La gestión de este enorme poder recae en las empresas creadoras del fenómeno. La facilidad para segmentar a los usuarios, conocer sus gustos, los tiempos de permanencia en dicha red (que alcanzan los 45 minutos de media por usuario, lo que ya supone el 20 por ciento del tiempo dedicado a conectarse  Internet) suponen un excelente campo para la acción del marketing. Nunca hasta ahora se habia tenido la posibilidad de llegar a un segmento tan definido de manera tan rápida y a precios tan asequibles.

Cuando la publicidad en los medios escritos se ha vuelto inoperante, los anuncios de televisión son prohibitivos y la publicidad exterior es difícilmente cuantificable y segmentable, las redes sociales nos ofrecen el paradigma del marketing.

A esto debemos añadir el potencial para las relaciones públicas y el plus que añade relacionarse directamente con usuarios y clientes. Coca-Cola, Telepizza o Dominos´s Pizza son algunas de las compañías que han apostado por dar un bocado a la publicidad televisiva para volcarse en la red, aprovechando los picos donde los usuarios se conectan y que son perfectamente conocidos por sus gestores.

Sin embargo, no todo son cualidades bonancibles. Se detecta un aumento de la adicción a Internet, fenómeno que empieza a ser tomado en serio por los psicólogos. Recientemente la Diputación de Granada ha hecho público un estudio en el que se pone de manifiesto que el 64 por ciento de los estudiantes de Secundaria de dicha provincia presentan predisposición a adicción a la red. Se pone el acento sobre la falta de educación en el uso de las mismas así como el desconocimiento de los padres acerca de los hábitos digitales de sus hijos.

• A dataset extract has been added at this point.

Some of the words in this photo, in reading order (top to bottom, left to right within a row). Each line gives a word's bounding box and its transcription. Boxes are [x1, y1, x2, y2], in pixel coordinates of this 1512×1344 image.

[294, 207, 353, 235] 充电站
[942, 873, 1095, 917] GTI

En el juego de las redes sociales confluyen factores como el aislamiento que impulsa nuestra sociedad, la necesidad de inmediatez, así como una cada vez más alarmante incapacidad para relacionarnos. Otro de los problemas que plantean esta nueva forma de relacionarnos es el fin de nuestra privacidad. Lejos quedan los tiempos de las reflexiones que hacía Coppola en “La Conversación” (1974). En la actualidad nuestros datos, gutos y perfiles son analizados,tabulados y guardados en grandes servidores. ¿Quién no ha “goggleado” su nombre alguna vez? ¿Son ciertas todas las informaciones que se publican sobre nosotros? ¿Tienen derecho a etiquetarme en fotografías que luego son visibles y rastreables para cualquier persona?. La red es una herramienta interesante pero colisiona con muchos derechos que incluso todavía están por regular. Uno de ellos, y quizás el más importante, el derecho al olvido, a compartir unas cervezas con mis amigos de carne y hueso y a pasar de saber en qué sitio guay están mis otros “amigos”.